** Opening Material provided block **
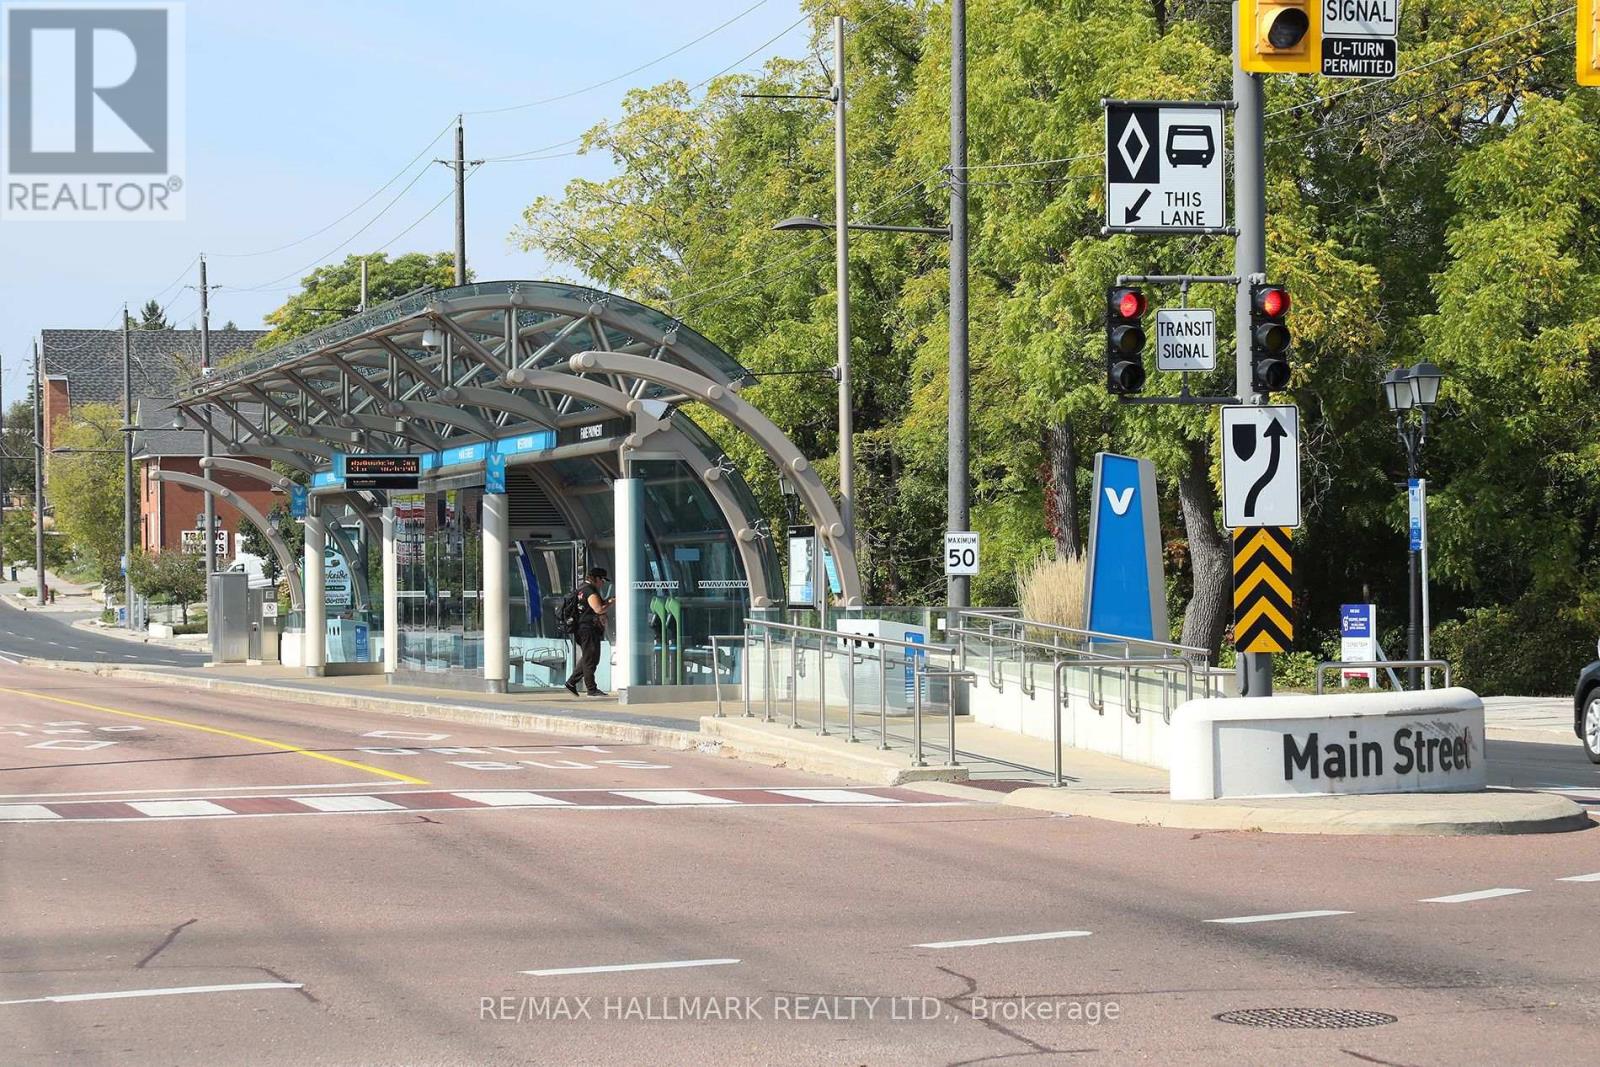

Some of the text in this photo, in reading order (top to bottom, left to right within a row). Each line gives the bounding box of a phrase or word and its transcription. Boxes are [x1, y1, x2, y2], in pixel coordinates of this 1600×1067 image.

[1326, 0, 1393, 22] SIGNAL
[1333, 41, 1385, 57] U-TURN
[1323, 58, 1394, 74] PERMITTED
[1164, 191, 1202, 207] THIS
[1161, 210, 1206, 226] LANE
[1159, 321, 1213, 337] TRANSIT
[1163, 343, 1209, 359] SIGNAL
[184, 532, 224, 541] TRAIC
[947, 537, 977, 545] MAXIMUM
[949, 548, 975, 567] 50
[1283, 727, 1472, 780] Main Street
[449, 759, 673, 771] BUS
** Closing Material provided block **
What is being asked — Print each entry above exactly. The pictures should not be printed.

Response area —
Some of the text in this photo, in reading order (top to bottom, left to right within a row). Each line gives the bounding box of a phrase or word and its transcription. Boxes are [x1, y1, x2, y2], in pixel coordinates of this 1600×1067 image.

[1326, 0, 1393, 22] SIGNAL
[1333, 41, 1385, 57] U-TURN
[1323, 58, 1394, 74] PERMITTED
[1164, 191, 1202, 207] THIS
[1161, 210, 1206, 226] LANE
[1159, 321, 1213, 337] TRANSIT
[1163, 343, 1209, 359] SIGNAL
[184, 532, 224, 541] TRAIC
[947, 537, 977, 545] MAXIMUM
[949, 548, 975, 567] 50
[1283, 727, 1472, 780] Main Street
[449, 759, 673, 771] BUS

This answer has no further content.